A expiação desconhecida


É bem conhecida dos espíritas a existência de expiações, e alguns as associam, de imediato, à palavra carma, do sânscrito, antiga língua sagrada indiana, significando ação ou ato deliberado.

A Terra, ainda em estágio de mundo de provas e expiações justifica, plenamente, a existência generalizada dos sofrimentos, dores, dificuldades, cruzes, pontuando o nosso cotidiano.

Revendo a definição de expiação, temos:

Expiação – pena que sofrem os Espíritos como punição das faltas cometidas durante a vida corporal. A expiação, sofrimento moral, ocorre no estado de erraticidade como o sofrimento físico ocorre no estado corporal. As vicissitudes e os tormentos da vida corporal são, ao mesmo tempo, provas para o futuro e expiação do passado.1

Portanto, expiar está associado a uma falta, deslize, ou algum erro, praticado em existências passadas, ou nesta mesma, pois a nossa vida atual possui também o seu passado, dito recente. Além disso, o conjunto de tormentos da vida corporal, servem para não só expiar o passado, mas também surgem, naturalmente das provas que devemos enfrentar, de forma regular, pois sem elas, jamais se atingiria a perfeição relativa.

Interessante destacar que no plano espiritual, em princípio, não há expiação física, pois o Espírito está livre da matéria, contudo o processo de desencarnação é lento, ou seja, a influência provocada pelo perispírito, ainda muito material, causa no Espírito um verdadeiro tormento, quanto mais intenso, quanto mais tenha sido a vida sensual e egoísta do Espírito, durante a sua última reencarnação.

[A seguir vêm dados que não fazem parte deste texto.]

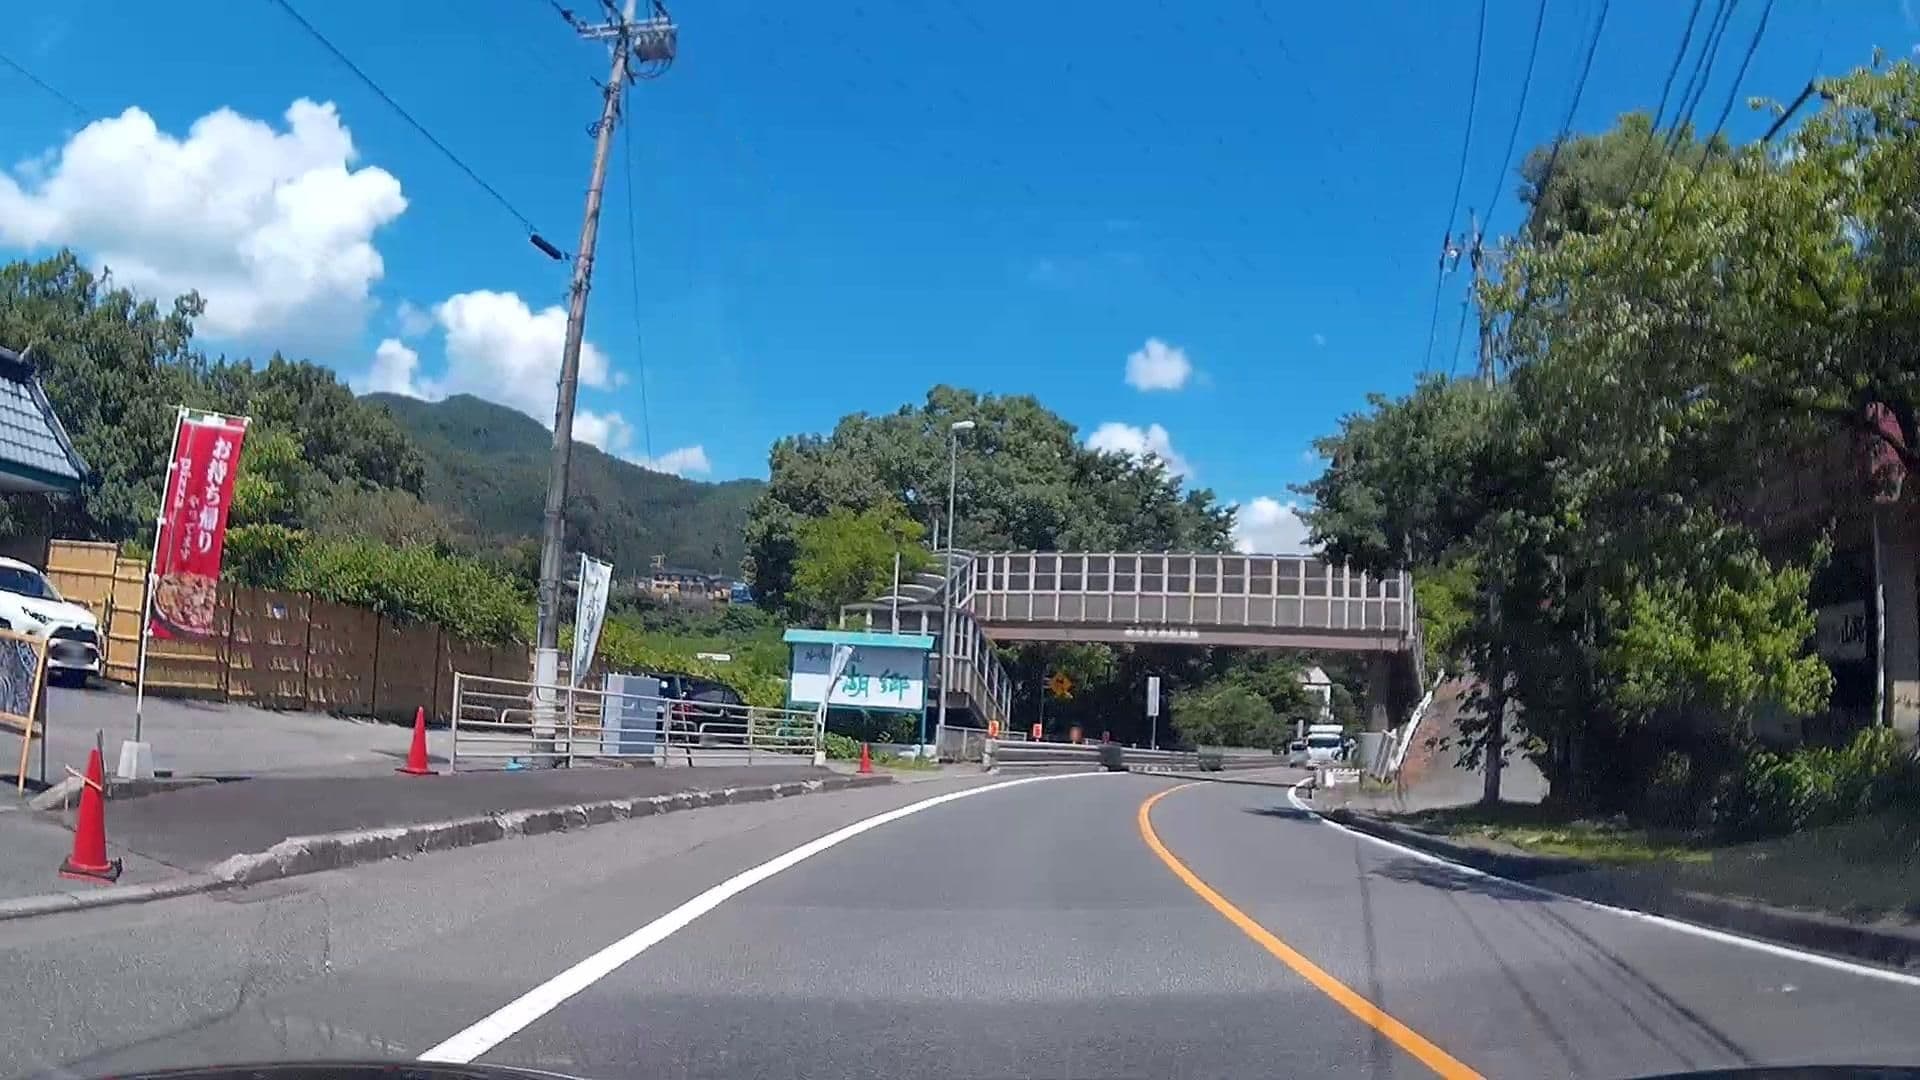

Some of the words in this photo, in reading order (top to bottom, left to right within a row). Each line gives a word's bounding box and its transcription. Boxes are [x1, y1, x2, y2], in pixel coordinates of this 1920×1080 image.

[198, 437, 232, 552] お持ち帰り

Quando se lê em obras subsidiárias que o Espírito tem sede, fome, frio, cansaço..., deve-se entender estes sofrimentos e dores como abstratos, pois o ser imortal, do lado de lá, prescinde do alimento e do agasalho, mas ainda sente estas necessitadas, pois o seu processo de desencarnação, que significa a perda dos desejos e necessidades materiais que possuía na Terra, ainda não se completou, é preciso tempo e paciência, de modo que o perispírito se desmaterialize.

O primeiro significado destacado, na definição anterior, está bem enraizado nos adeptos da Doutrina espírita, fala-se em doença, pobreza, fome..., e, imediatamente, pensamos em expiações, esquecendo-nos, contudo, das provas, com a capacidade de também comunicar estas situações, são as expiações desconhecidas, da maioria.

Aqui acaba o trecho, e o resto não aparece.